Gunshot residue – also known as GSR – is released from the discharge of a firearm.

Gunshot Residue if generated from the interior interactions of the firearm, cartridge case, bullet, base primer and propellant. Primer mixture is responsible for the inorganic matter and the propellant supplement the organic matter. Within the forensic science community, there is a need for analyst to make association between the firearm and the suspect (Tobin). This associations begins with the confirmatory analysis of the GSR and either matching or disproving it with the evidence provided. The primary components of the Gunshot Residue primer include lead styphnate (explosive), antimony sulfide (fuel), and barium nitrate (oxidizer) (Tobin). These components generate large amount of heat and pressure which then ignites the organic propellant and create higher temperatures and pressures, nearing 3.600°C and 40,000 psi.

The metals and organic components are then vaporized due to the high heat and pressure additives that they anneal into spheroid shaped particles (Basu). The newly formed organic particles in conjunction with the inorganic particles are both characteristics forming the GSR. The inorganic components are most commonly tested for positive characteristics of GSR. There are many factors associated with GSR that make it increasingly difficult to associate residue with a specific firearm or suspect.

The introduction of lead-free ammunition has presented a challenge for GSR analysis for many forensic laboratories. The usual characters such as lead, barium and antimony as the staples are no longer suitable for cases involving lead free ammunition. This is mostly due to the lack of heavy metals.

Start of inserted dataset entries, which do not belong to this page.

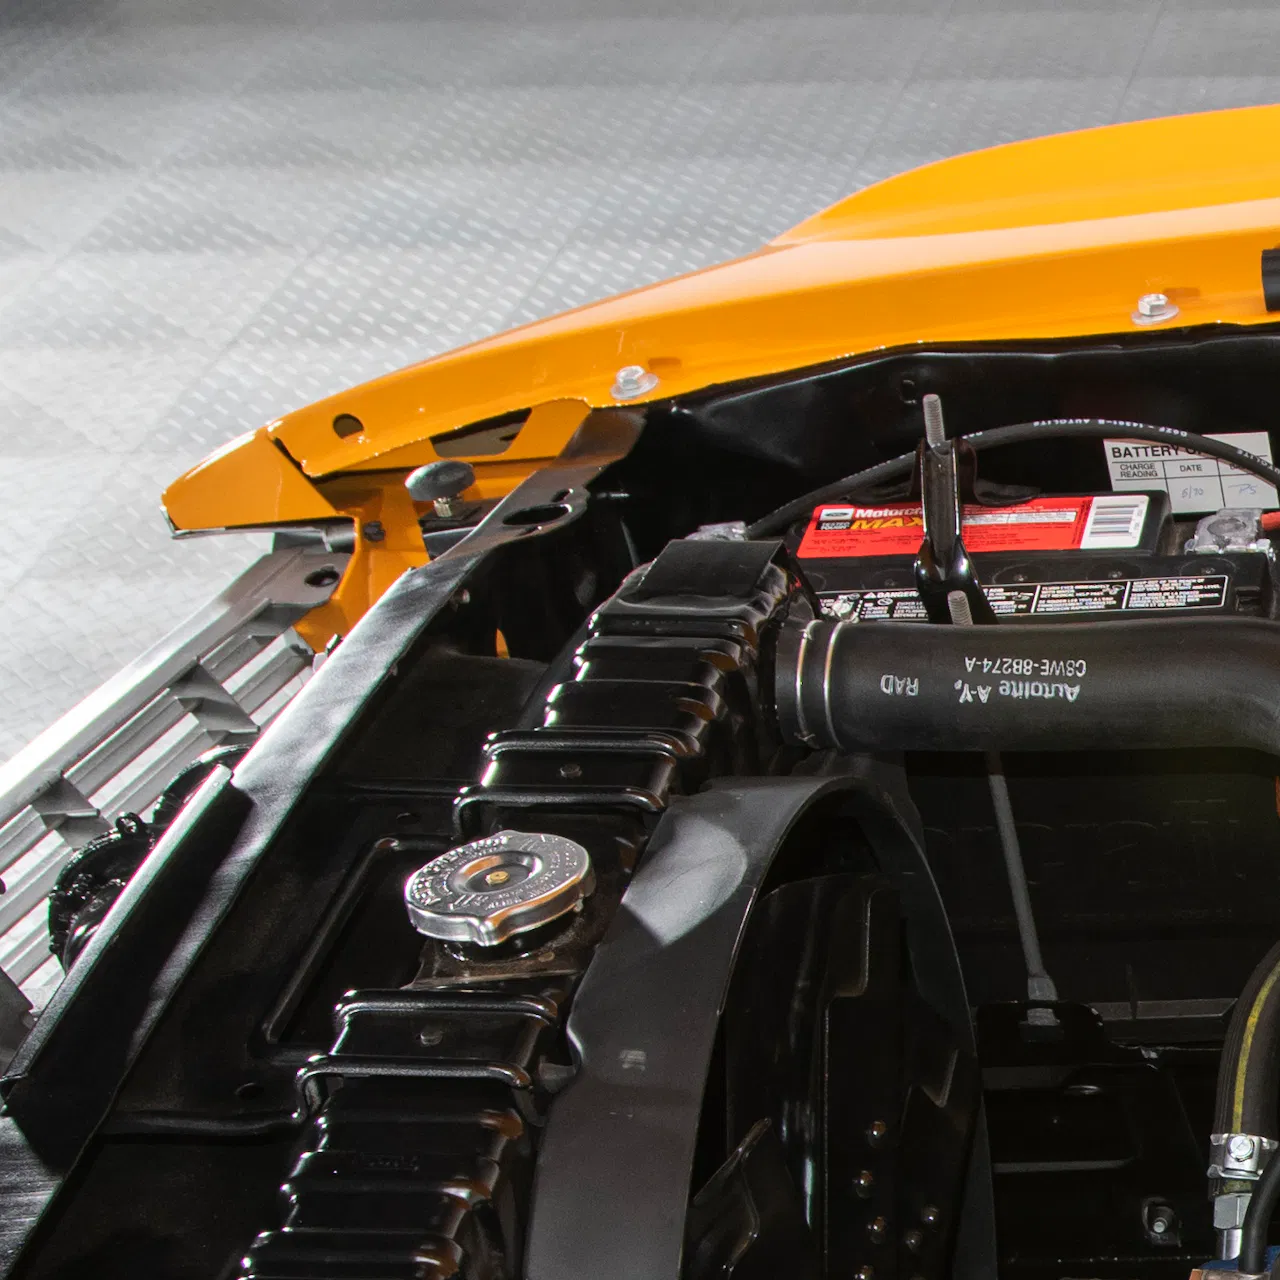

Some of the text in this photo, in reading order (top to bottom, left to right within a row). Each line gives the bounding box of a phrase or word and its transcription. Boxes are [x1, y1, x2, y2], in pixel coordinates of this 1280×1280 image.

[1112, 445, 1180, 459] BATTERY
[1120, 463, 1203, 473] CHARGE DATE
[1120, 470, 1158, 478] READING
[855, 506, 923, 518] Motorcr
[964, 656, 1087, 677] C8WE-8B274-A
[880, 674, 919, 696] RAD
[999, 680, 1081, 703] Autolite

Figure 2 demonstrates the difference between OGSR and IGSR in side-by-side evaluation. As previously states the organic components of GSR known as OGSR, have been the components of which to identify GSR through smokeless powder propellant. The analysis of OGSR is indeed beneficial due to the amount of smokeless powder present within ammunition. The amount of smokeless powder is significantly larger than the amount of primer mixture present. This may potentially lead to a greater amount of residue arising due to the propellant when compared to that from the primer mixture.

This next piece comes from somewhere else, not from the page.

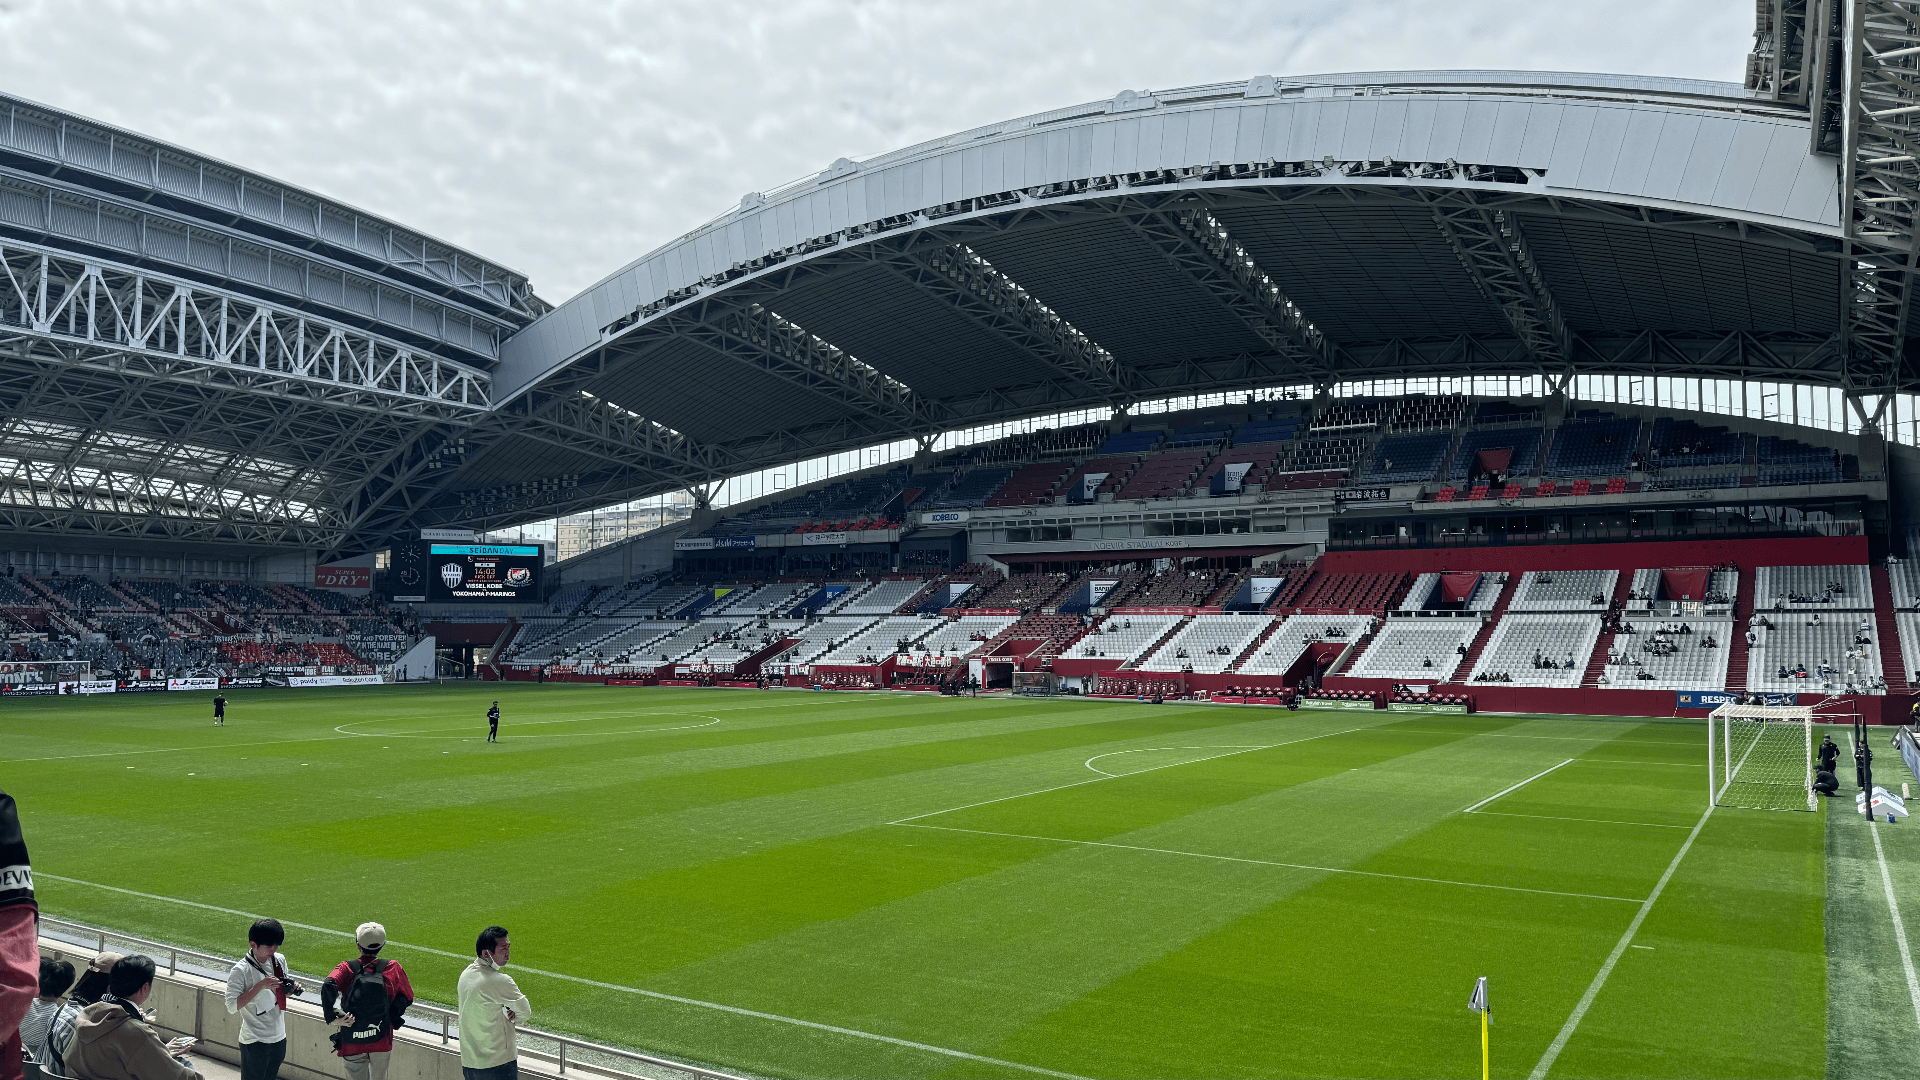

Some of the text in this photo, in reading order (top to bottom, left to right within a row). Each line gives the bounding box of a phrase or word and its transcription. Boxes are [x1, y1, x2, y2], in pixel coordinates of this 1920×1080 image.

Gunshot propellant come in a variety of numerical bases. Single and double based powders are most common propellants in ammunition, triple based powders are less common due to the large caliber, rockets and military usage (Maitre). Additives to the powders such as flash inhibitors, stabilizers and plasticizers allow an improved stability, workability and control the burning rate. Methyl-centralite and ethylcentralite are specifically restricted to the production of smokeless powder and are considered the main components of the propellant. The nitrated-derivates of Diphenylamine (DPA) such as N-nitrosodiphenylamine and others are considered characteristics of GSR (Maitre).

One of the main problems with analysis of Organic Gunshot Residue is although its abundance in ration of bullet, it is indeed considered a trace elemental evidence. Law enforcement investigators test clothing and skin for GSR to determine a persons culpability if they were near the firing of the gun. Gunshot residue can travel between 3-5 feet from the gun. Since this is not considered a far distance the analysis of trace particles which can be detected as far as many meters away (Mukesh). This practice is used often within forensic examinations of a crime scene. Table 1, displays the trace elements measurements and examples within everyday examples. A laboratory can spend a great deal of funding to operate the trace realm analytical instruments. The level of expertise among the trace analyst must be incredibly high.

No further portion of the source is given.